Pharmzeutische Betreuung bei KHK

 

Jan Oesterwalbesloh ging in seinem Vortrag auf Kapseln, Infusionen und transdermale Systeme (TTS) ein, die bei KHK und Myokardinfarkt eingesetzt werden. Während Glyceroltrinitrat-Kapseln zur Akutbehandlung von Angina-pectoris-Anfällen eingesetzt werden, dienen TTS mit diesem Wirkstoff zur Anfallsprophylaxe.

 

Anhand von Fallbeispielen machte Theresa Kuntz auf häufige Arzneimittelinteraktionen bei Herz-Kreislauf-Patienten aufmerksam.
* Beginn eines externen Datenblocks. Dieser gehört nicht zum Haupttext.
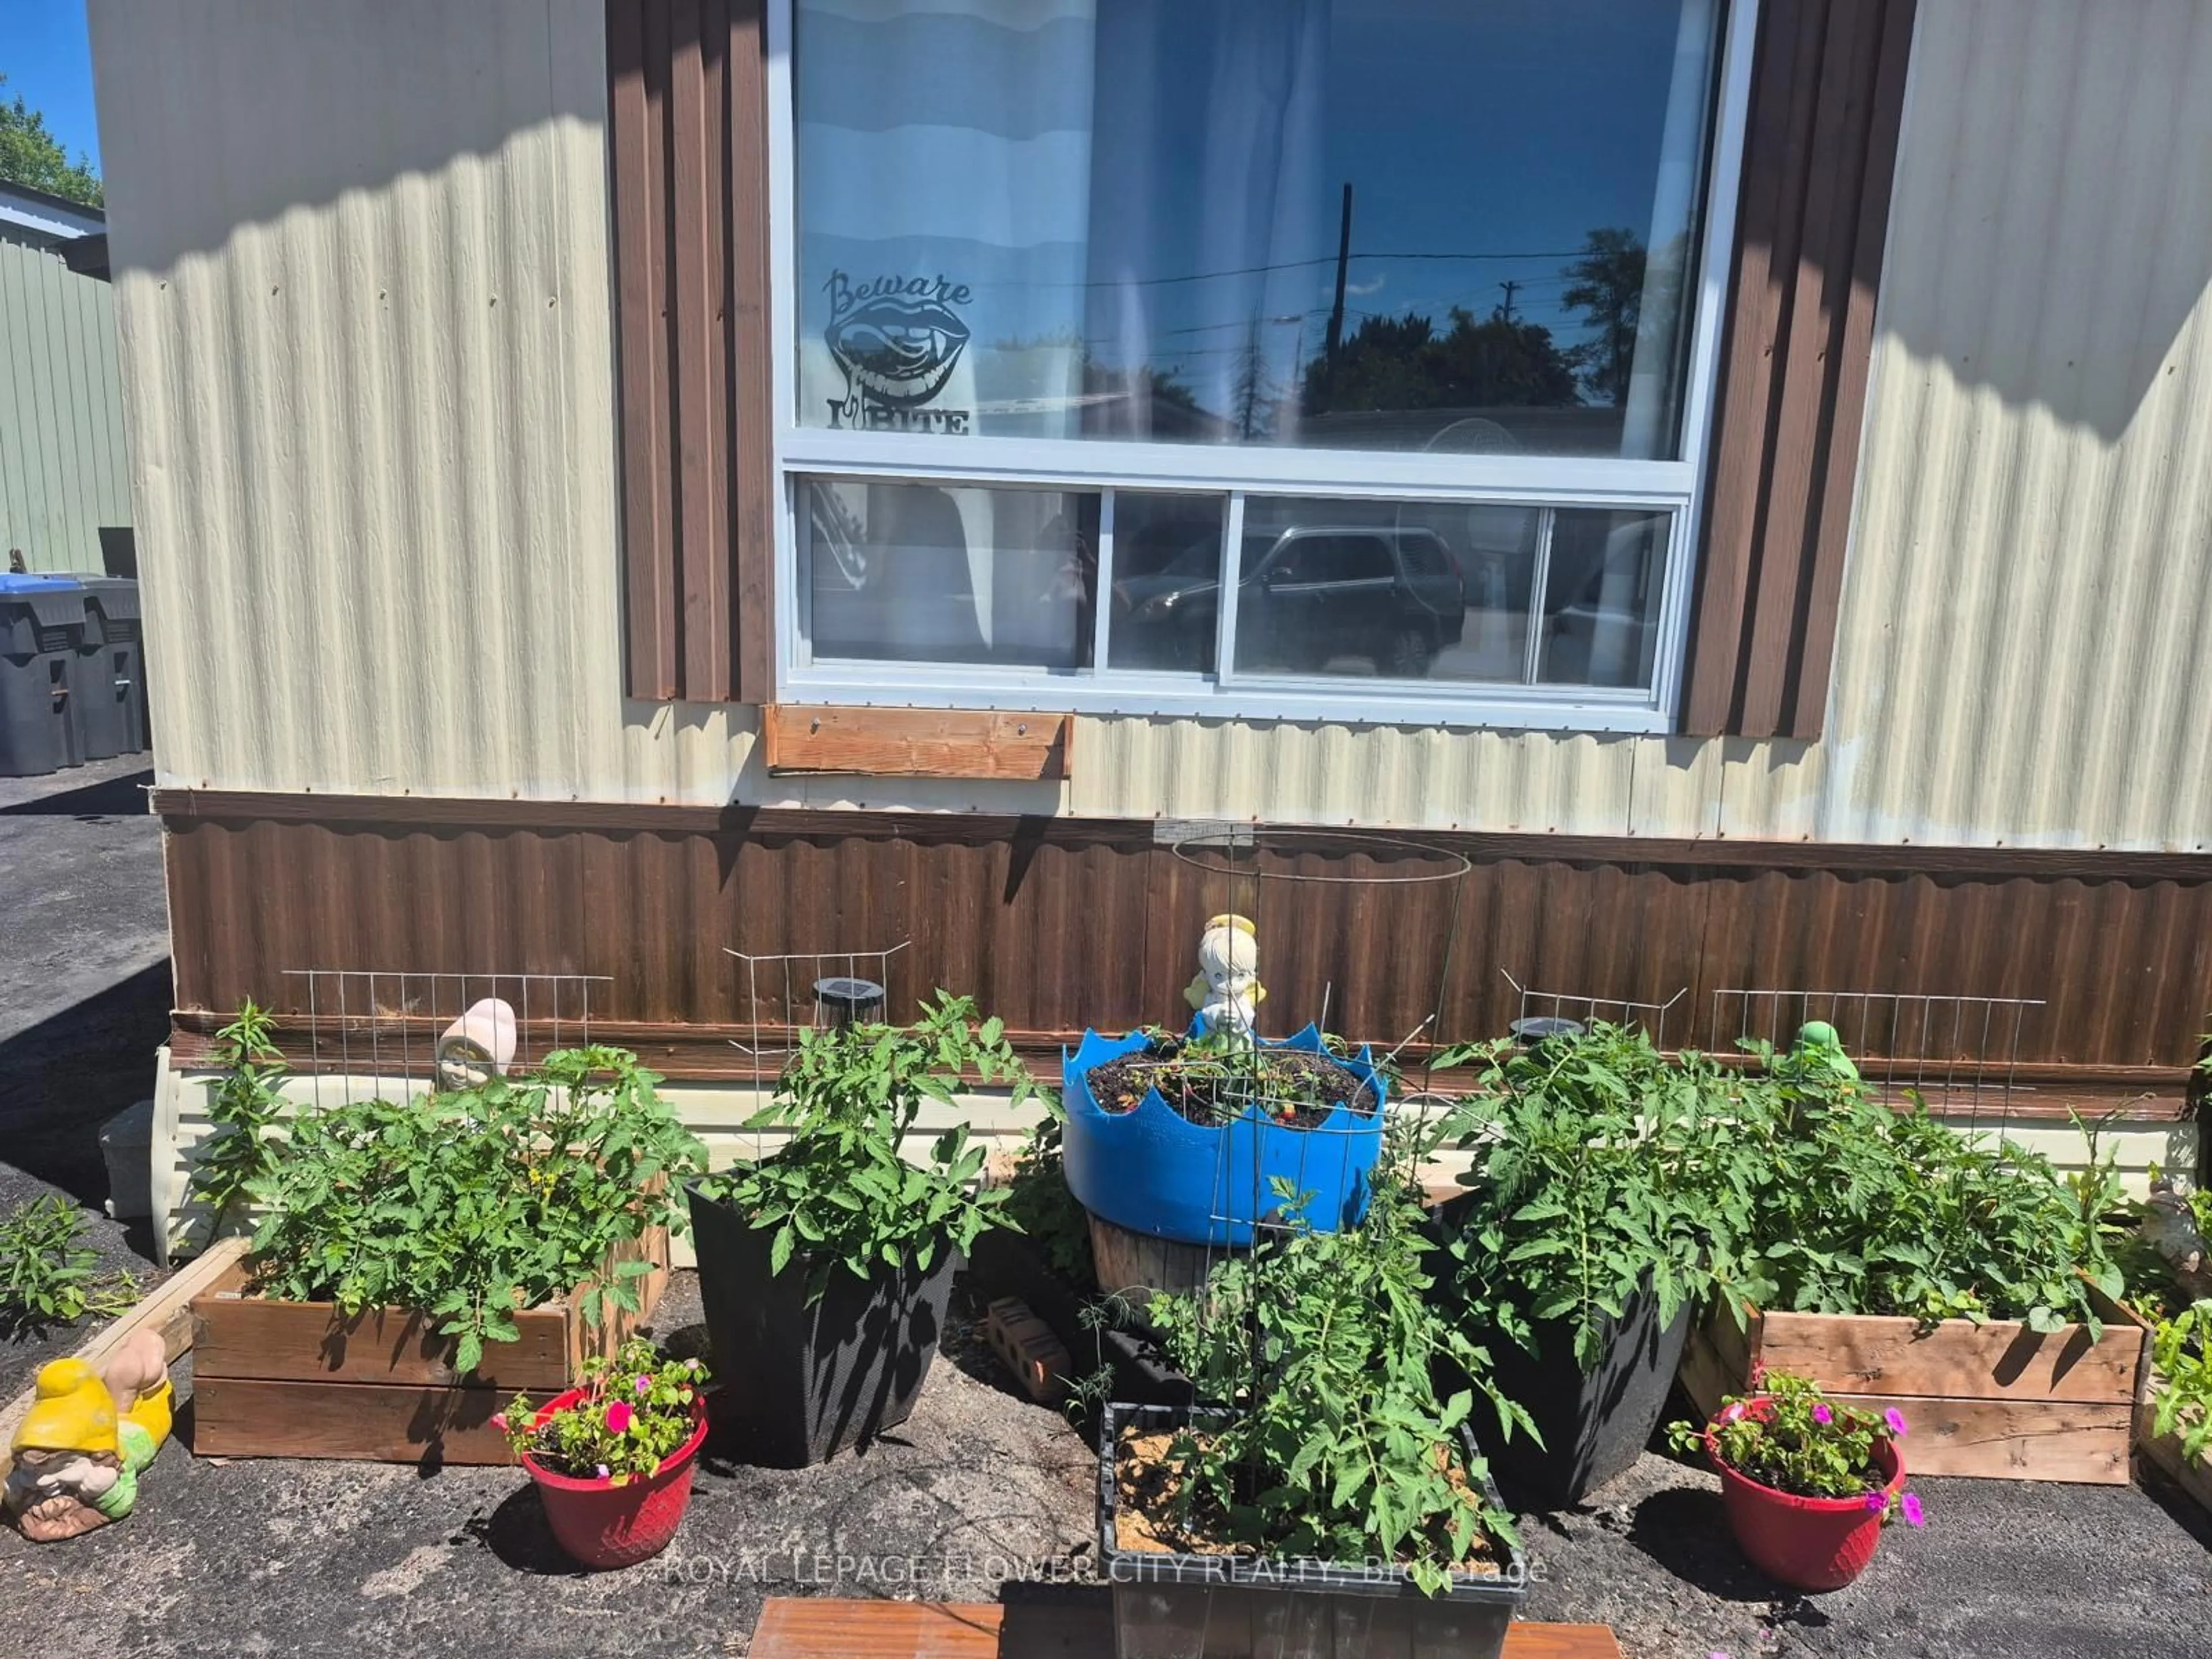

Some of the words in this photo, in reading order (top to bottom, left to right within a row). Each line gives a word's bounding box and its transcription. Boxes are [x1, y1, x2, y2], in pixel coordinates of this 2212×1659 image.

Statine und Makrolid-Antibiotika führen zum Beispiel zu schwerwiegenden Arzneimittelinteraktionen. In hohen Dosen über einen längeren Zeitraum gegeben, können nicht steroidale Anti-phlogistika den blutdrucksenkenden Effekt von ACE-Hemmern abschwächen.

 

Über die Pharmazeutische Betreuung von Patienten mit KHK informierte Tobias Horn. Hauptziel sei, die Therapiemitarbeit des Patienten zu verbessern und ihn schließlich zum Selbstmanagement seiner Krankheit zu führen. Durch Beratung und Aufklärung können fehlerhafte Arzneimitteleinnahme und die damit verbundenen unerwünschten Arzneimittelwirkungen vermieden werden. Aber nicht nur Beratung, sondern auch Blutdruckmessung, Cholesterinmessung und Unterstützung bei der Nikotinentwöhnung sind beim KHK-Patienten Punkte, an denen der Apotheker aktiv werden kann. 

 

Der Abschlussvortrag von Helene Mohr beschäftigte sich mit der Bedeutung einer ausgewogenen Ernährung und dem Stellenwert von Zusatztherapien bei KHK. Die Ernährungsumstellung soll in erster Linie zur Gewichtsreduktion führen. Auch auf den Verlauf und die Prognose der Arteriosklerose wirkt sich eine sinnvolle Ernährungsumstellung positiv aus. Die Ernährung sollte ballaststoffreich und fettarm sein. Pflanzliche Öle und Produkte sollen bevorzugt, tierische Fette und Fleischprodukte reduziert werden. Eine gesunde Kost ist reich an Vollkornprodukten, frischem Obst und Gemüse. Mit dreidimensionalen Lebensmittelpyramiden und Ernährungskreisen kann dem Patienten die Bedeutung der einzelnen Lebensmittelgruppen in seinem Ernährungsplan verdeutlicht werden. Unterstützend sei auch die Einnahme von Knoblauch und dessen Zubereitungen sinnvoll. Frühzeitig eingesetzt, dienen ausreichend hoch dosierte Präparate der Vorbeugung altersbedingter Gefäßveränderungen. Die Inhaltsstoffe des Knoblauchs verbessern den Cholesterinspiegel, fangen freie Radikale ab, senken den Blutdruck und mindern die Blutgerinnung, so Mohr.